USV Swarm

Unmanned Surface Vehicle Swarm

State-of-the-art

  1. Distributed Architecture & LPI/LPD Communications: Shifting from centralized to hybrid “perception-communication-control-decision” architectures. Recent naval exercises (e.g., Silent Swarm 2025) demonstrate smart beam-hopping radios achieving 3× LPI/LPD improvements and 60× instantaneous bandwidth, though 85.4% of studies remain simulation-only.

  2. Adversarial Swarm Intelligence: Hybrid GAT-Transformer frameworks (Adv-TransAC) enable spatiotemporal meta-reinforcement learning for multi-USV adversarial games, showing emergent cooperative behaviors such as risk-aware interception. Human preference-based RL (RLHF) is also integrated via agent-level binary feedback to encode tacit expert knowledge.

  3. COLREGs-Compliant Collision Avoidance: CoDAC framework combines cross-modal fusion, incremental dynamic community detection, and an improved velocity obstacle model (IVO-DWA) to achieve 96.7% emergency avoidance success and COLREGs compliance, a 26.7% improvement over traditional methods.

  4. Cross-Domain Heterogeneous Swarms: Layered “cyber-physical” frameworks (UAV-USV-UUV) demonstrate task decomposition, formation coordination, and low-level control synergy. UAVs provide wide-area surveillance and relay, while USVs act as surface maneuver nodes – however, system-level multi-domain deployment remains unrealized.

  5. Simulation-Centric Validation: Most USV swarm studies (e.g., using ROS/Gazebo, Unity3D) are confined to virtual environments due to realistic ocean uncertainty, communication dynamics, and safety constraints. System-level sea-trial validation is the most critical bottleneck.

Future Research Directions

  1. Sim-to-Real Bridging & Hybrid Testbeds: Developing closed-loop validation platforms that integrate real ocean disturbances (nonlinear hydrodynamics, delayed fading channels, sensor noise) with simulation environments to enable continuous, scalable testing from lab to field deployment.

  2. Unified Graph-Signal Processing Framework: Leveraging graph spectral analysis to tightly couple swarm perception, communication topology, and distributed control – enabling on-the-fly diagnosability of link failures and adaptive task reconfiguration under a single mathematical formalism.

  3. Explainable & Safety-Aware Swarm Learning: Combining deep reinforcement learning with model predictive control (MPC) and barrier-function-based safe RL to produce verifiable, interpretable decisions for safety-critical missions (e.g., collision-free target interception).

  4. Self-Evolving Adversarial Game Strategies: Fusing meta-reinforcement learning with game theory to enable rapid adaptation against non-cooperative, dynamically changing opponents. Curriculum learning and mirrored learning are key enablers.

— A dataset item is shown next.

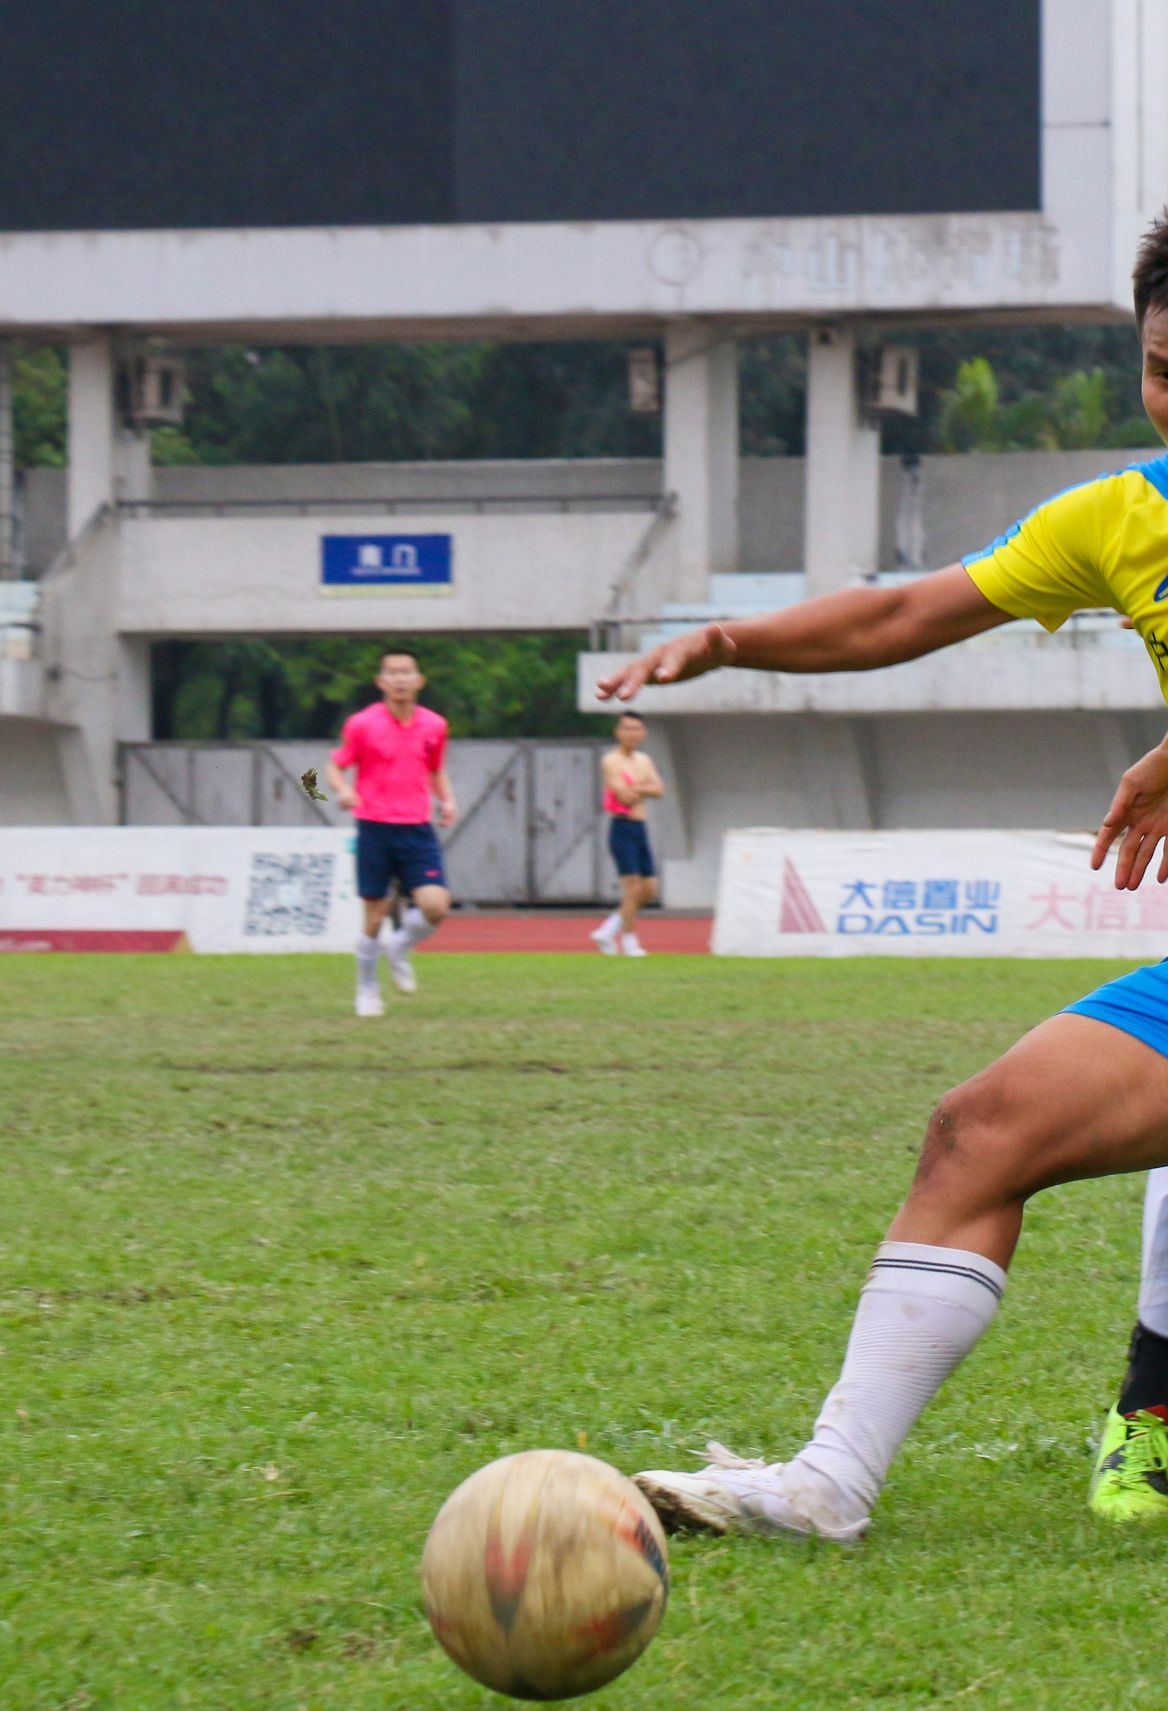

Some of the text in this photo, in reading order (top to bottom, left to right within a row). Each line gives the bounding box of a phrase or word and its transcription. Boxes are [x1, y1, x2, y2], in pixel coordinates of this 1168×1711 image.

  5. Four-Dimensional (Sea-Land-Air-Undersea) Cross-Domain Integration: Moving beyond USV-centric formations to full-domain autonomous swarms with semantic-aligned data links, cross-medium communication protocols, and formal guarantees on multi-platform behavioral consistency.

Challenges: Real-time onboard LLM/transformer inference, energy efficiency under wave disturbances, scalable verification of emergent swarm behaviors, and mitigation of multi-agent policy hallucinations remain key hurdles. Interdisciplinary efforts combining marine robotics, distributed AI, and hydrodynamic modeling are critical for advancement.